European Union blacklists 17 tax havens for failing to comply with tax transparency

European Union blacklists 17 tax havens for failing to comply with tax transparency

Following their regularly scheduled meetings in Brussels on Tuesday, the so-called ECOFIN designated the two countries as havens for offshore tax evasion and urged greater transparency in the tax practices of individuals and companies operating in their jurisdictions.

"Given the unfortunate incorporation of the country in this discriminatory list, the Republic of Panama has made a decision to call its Ambassador to the European Union, Dario Chiru, to assess the steps to be followed moving forward", the government said in a statement.

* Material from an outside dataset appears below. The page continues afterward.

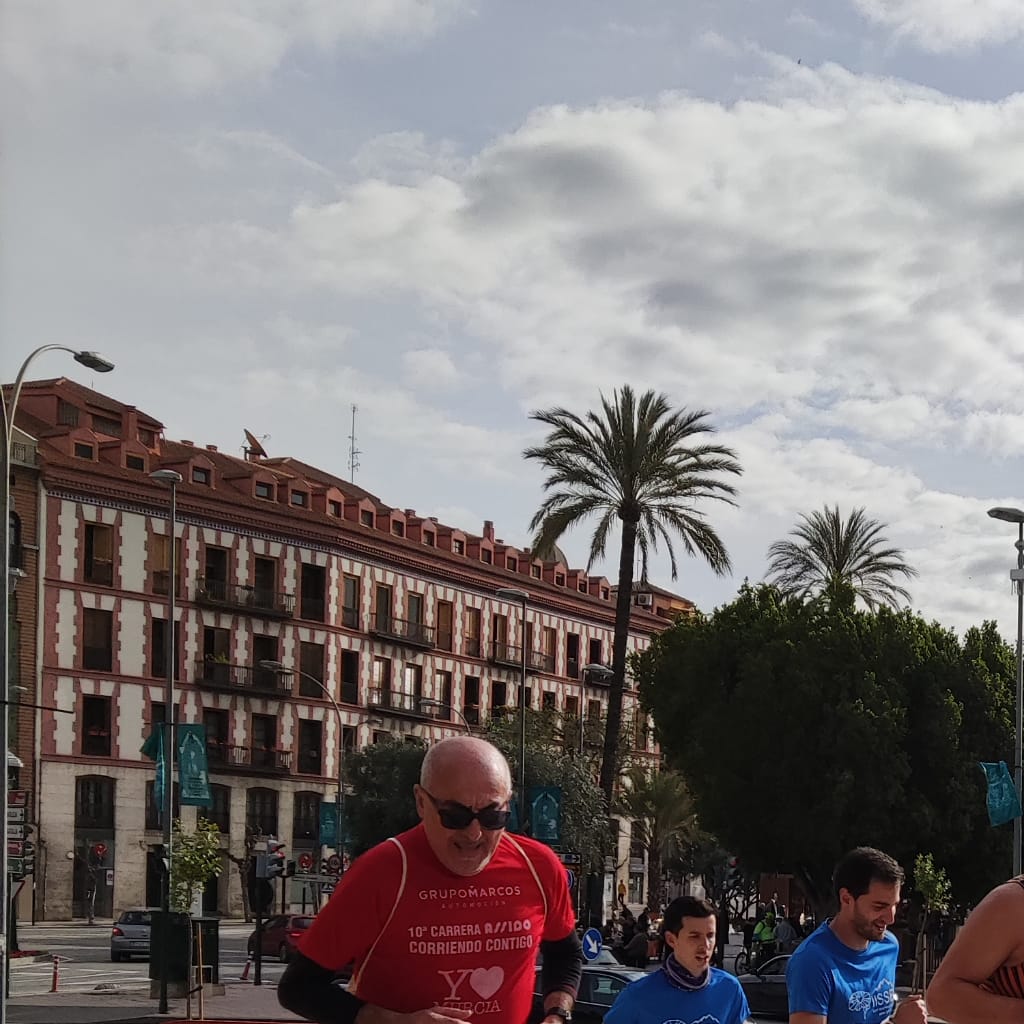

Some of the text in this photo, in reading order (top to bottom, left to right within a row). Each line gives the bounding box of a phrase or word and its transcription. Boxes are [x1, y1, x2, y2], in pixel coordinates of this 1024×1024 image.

Smaller, low-tax, European Union member states such as Luxembourg, Ireland and Malta were concerned about discouraging multinational corporations with the United Kingdom fighting hard against the blacklist since its own crown independencies such as the Virgin Islands could be potentially jeopardized.

The Council concluded that these countries are non-cooperative jurisdictions for tax purposes because they did not meet Council criteria established in November 2016 and did not provide a sufficient commitment to meet these criteria in the future.

This second list includes Switzerland, Turkey and Hong Kong.

Many have also taken to social media to criticise the list, including the managing director of Arton Capital who tweeted the list was "total and complete nonsense".

"To be on a blacklist is in itself bad enough and of course there will be consequences for these countries", Luxembourg Finance Minister Pierre Gramegna said. These include stricter monitoring of transactions and increased audit risks for taxpayers benefiting from the regimes involved, or for those using these jurisdictions' structures.

"Tax havens will not disappear from our radars and we will keep the pressure on", he said.

The "repatriation provision" proposed by Republicans would change give American companies a tax break - allowing them to pay a minimum of 10 percent tax on some types overseas earnings (in the Senate version of the bill) and a 20 percent tax on domestic profits.

The clock is counting down: Now that tax reform bills have made their way through the House and Senate, Republicans in both chambers are working to iron out the differences between the two bills - with a goal of overhauling the U.S. tax system by December 22.

This country was also named in the Panama Papers a year ago. "If we want to fight tax avoidance credibly on a global stage, we must also put our own house in order", said socialist legislator Peter Simon.